***** Information shown
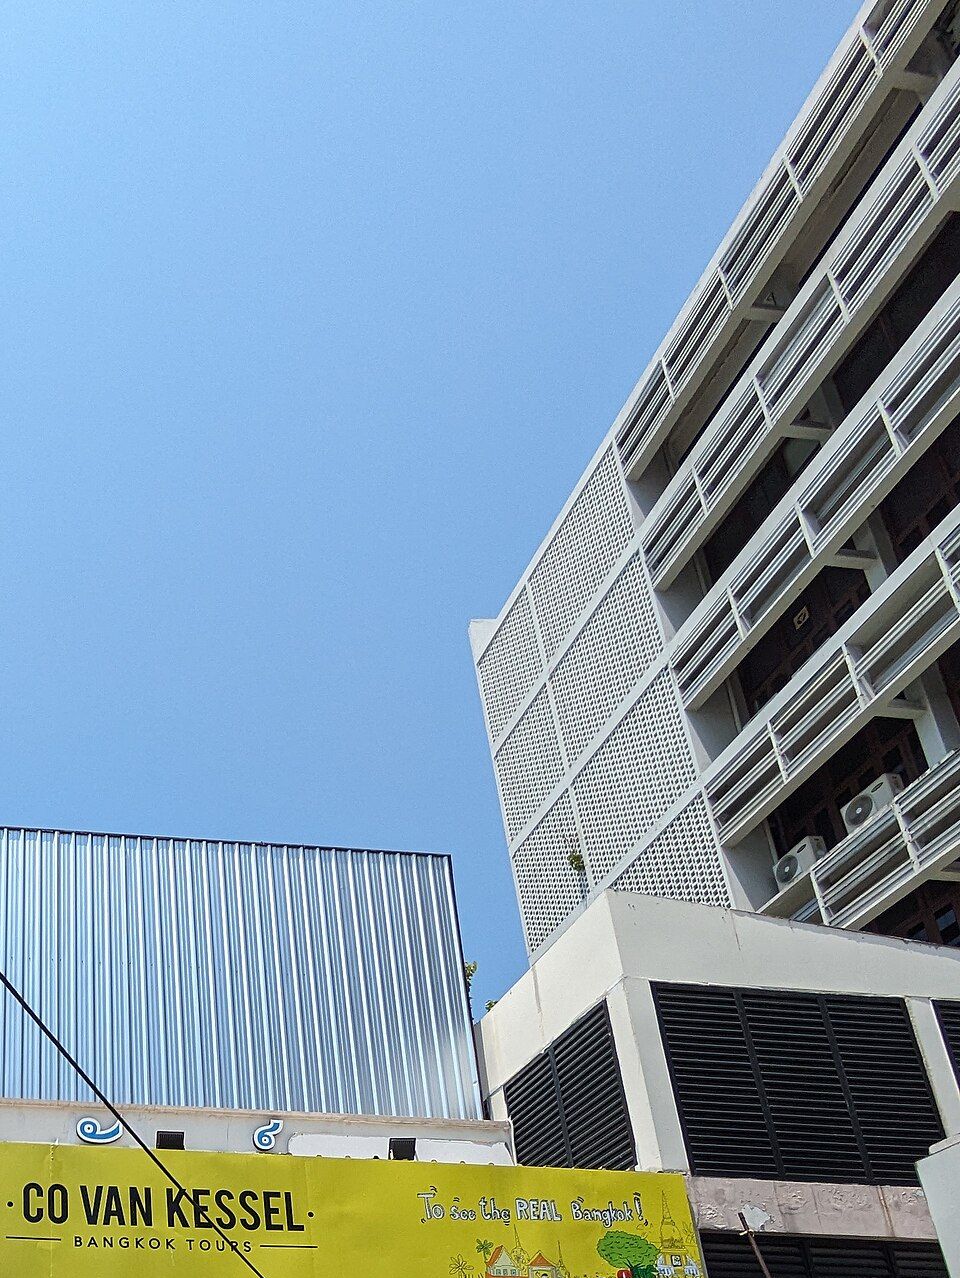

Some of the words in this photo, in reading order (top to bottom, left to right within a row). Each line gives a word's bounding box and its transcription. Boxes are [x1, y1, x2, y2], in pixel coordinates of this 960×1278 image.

[23, 1183, 68, 1224] CO
[79, 1184, 153, 1228] VAN
[167, 1187, 305, 1232] KESSEL
[417, 1192, 445, 1219] To
[450, 1204, 476, 1220] see
[479, 1197, 510, 1221] the
[515, 1198, 562, 1221] REAL
[73, 1235, 176, 1250] BANGKOK
[186, 1238, 253, 1253] TOURS
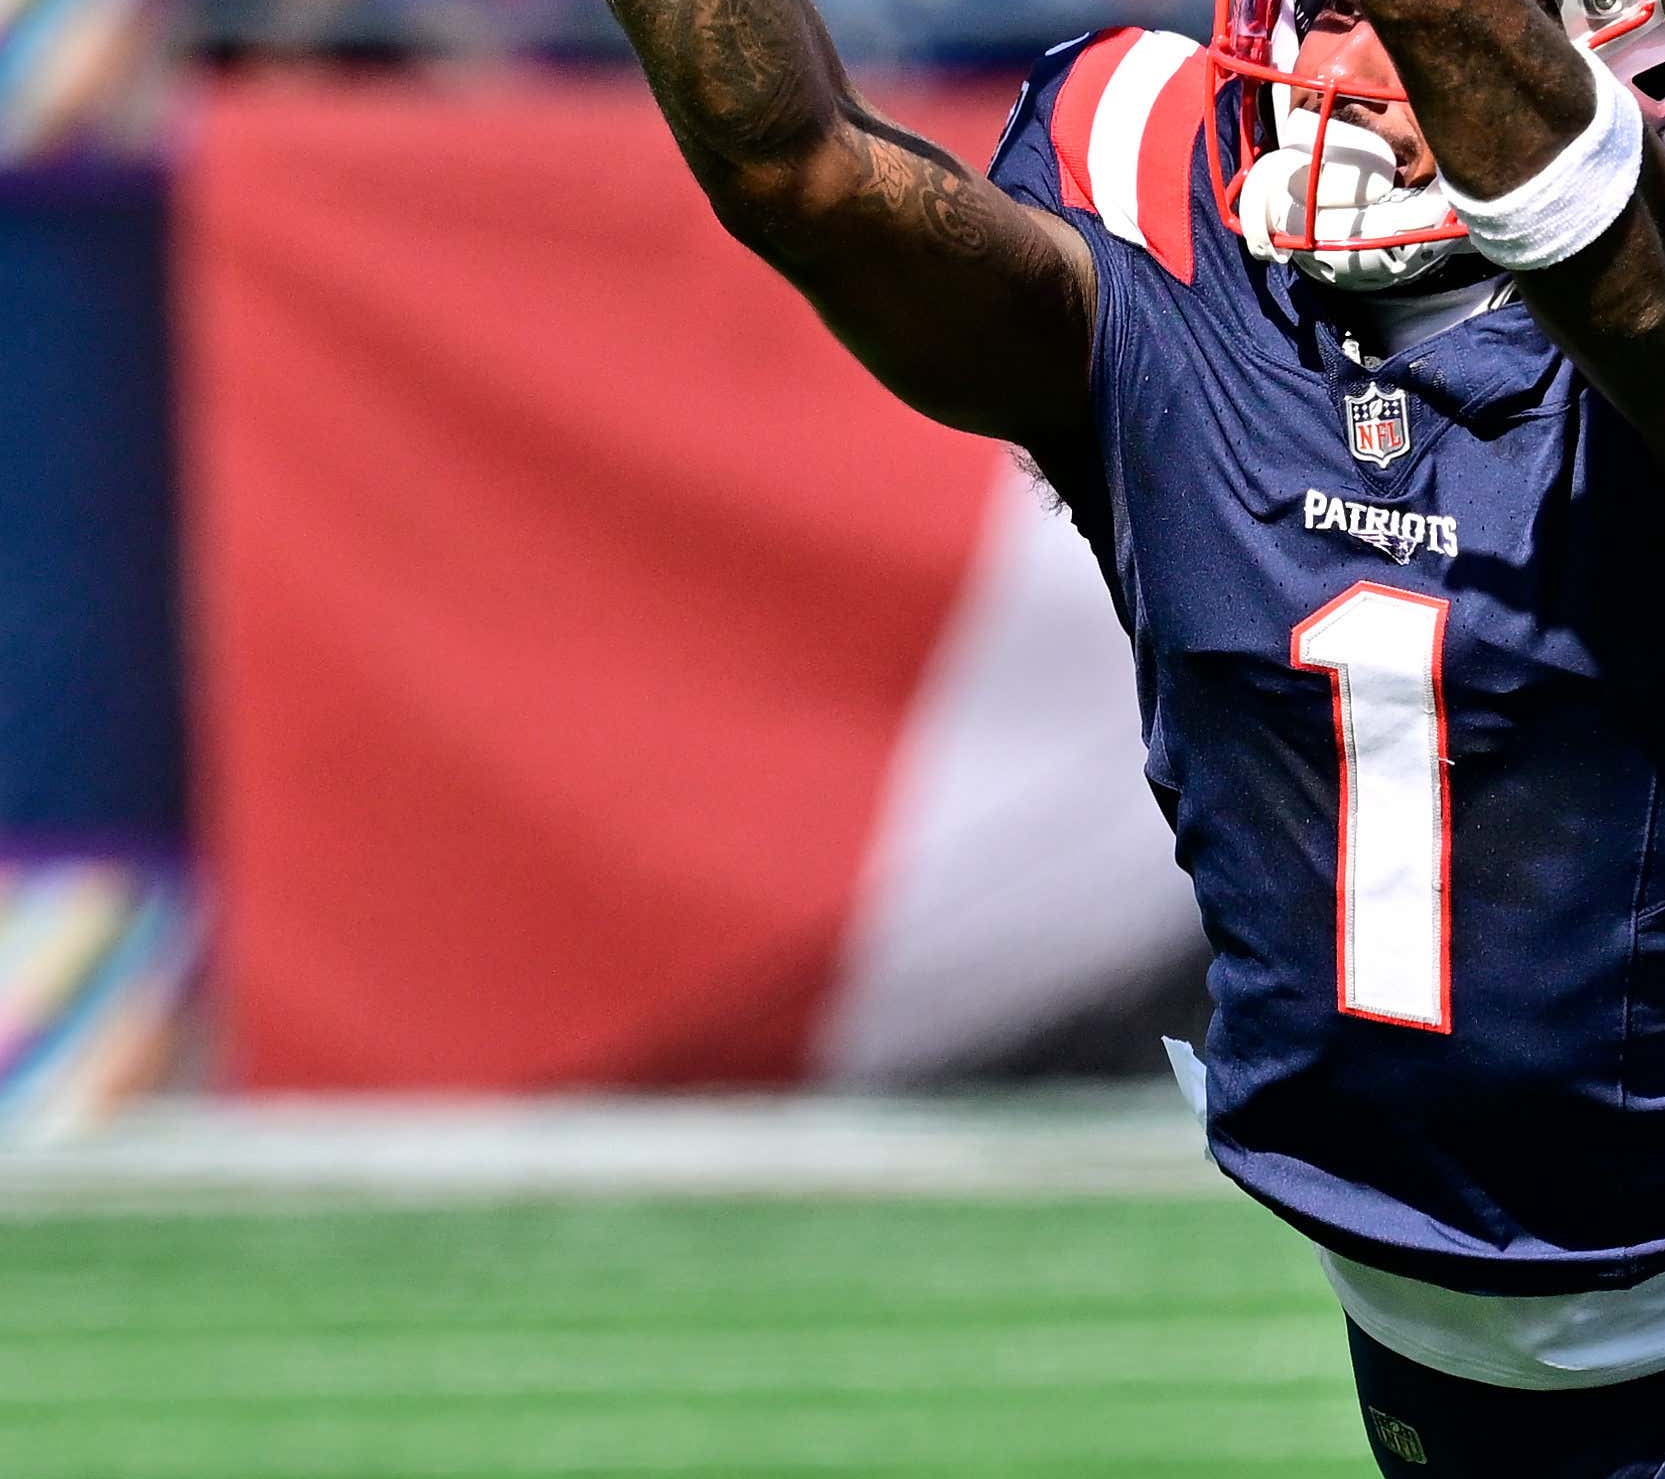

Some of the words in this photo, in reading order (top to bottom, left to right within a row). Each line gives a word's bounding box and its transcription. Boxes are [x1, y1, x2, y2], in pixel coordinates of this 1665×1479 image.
**********
Work instructions —
An exact, image-free transcript of the material is required.

Solution —
Some of the words in this photo, in reading order (top to bottom, left to right within a row). Each line gives a word's bounding box and its transcription. Boxes are [x1, y1, x2, y2], in pixel coordinates of this 960×1278 image.

[23, 1183, 68, 1224] CO
[79, 1184, 153, 1228] VAN
[167, 1187, 305, 1232] KESSEL
[417, 1192, 445, 1219] To
[450, 1204, 476, 1220] see
[479, 1197, 510, 1221] the
[515, 1198, 562, 1221] REAL
[73, 1235, 176, 1250] BANGKOK
[186, 1238, 253, 1253] TOURS

Some of the words in this photo, in reading order (top to bottom, left to right within a row). Each line gives a word's bounding box and its transcription. Boxes are [x1, y1, x2, y2], in pixel coordinates of this 1665×1479 image.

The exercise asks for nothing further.